Genotype data available from longitudinal cohorts including the Wisconsin Registry for Alzheimer’s Prevention (WRAP) and the Alzheimer’s Disease Neuroimaging Initiative (ADNI) were used to calculate a PRS for each participant. The risk distribution profile for each cohort was calculated and compared. Furthermore, where available, performance for predicting change in cerebrospinal fluid biomarkers and cognitive decline due to Alzheimer’s disease were assessed.

Genetically high risk individuals as determined by setting a threshold for polygenic risk were shown, on average, to experience greater cognitive decline than the low risk group in the ADNI cohort. Furthermore, on average a higher Increase in the pTau/β-amyloid ratio as measured in CSF samples of participants in WRAP were seen in those individuals with high polygenic risk.

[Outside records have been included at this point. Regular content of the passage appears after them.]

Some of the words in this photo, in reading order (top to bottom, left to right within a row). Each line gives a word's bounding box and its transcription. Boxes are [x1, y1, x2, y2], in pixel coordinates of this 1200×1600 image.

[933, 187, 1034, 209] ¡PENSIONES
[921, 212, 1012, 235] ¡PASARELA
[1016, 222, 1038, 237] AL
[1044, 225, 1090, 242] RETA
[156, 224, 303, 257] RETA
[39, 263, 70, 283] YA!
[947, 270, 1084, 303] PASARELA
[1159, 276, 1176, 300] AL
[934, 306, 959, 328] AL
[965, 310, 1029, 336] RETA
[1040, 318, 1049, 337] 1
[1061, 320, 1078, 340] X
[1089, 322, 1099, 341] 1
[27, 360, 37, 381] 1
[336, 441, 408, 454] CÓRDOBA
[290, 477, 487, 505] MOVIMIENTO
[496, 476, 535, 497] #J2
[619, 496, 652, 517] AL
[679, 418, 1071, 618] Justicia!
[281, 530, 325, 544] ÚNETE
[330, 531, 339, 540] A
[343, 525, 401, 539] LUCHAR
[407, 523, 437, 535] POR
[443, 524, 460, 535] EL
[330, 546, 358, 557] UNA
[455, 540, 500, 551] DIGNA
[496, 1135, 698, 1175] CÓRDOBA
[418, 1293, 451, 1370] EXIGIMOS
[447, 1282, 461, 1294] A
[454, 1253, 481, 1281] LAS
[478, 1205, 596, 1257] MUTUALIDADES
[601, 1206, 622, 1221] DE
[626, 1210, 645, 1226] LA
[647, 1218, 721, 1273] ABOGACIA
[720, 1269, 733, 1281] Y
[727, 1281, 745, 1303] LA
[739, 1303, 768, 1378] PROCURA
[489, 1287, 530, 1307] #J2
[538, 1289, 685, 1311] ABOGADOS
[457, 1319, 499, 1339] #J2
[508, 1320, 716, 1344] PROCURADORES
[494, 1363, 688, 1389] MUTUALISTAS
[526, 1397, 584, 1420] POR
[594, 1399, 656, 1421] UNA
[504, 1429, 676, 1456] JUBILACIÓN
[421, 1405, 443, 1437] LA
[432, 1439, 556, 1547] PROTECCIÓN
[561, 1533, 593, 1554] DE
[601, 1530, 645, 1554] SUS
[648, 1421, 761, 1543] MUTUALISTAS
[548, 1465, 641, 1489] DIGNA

Using DNA easily accessible from saliva, can provide a more efficient manner for identifying participants most likely to decline cognitively. Importantly for preventative trials PRS may be used for stratifying individuals most at risk of changing biomarker status prior to manifestation of risks. The use of PRS algorithms for stratifying patients prior to more invasive, expensive or burdensome procedures provides a strategy to screen out unsuitable patients very early in the recruitment process.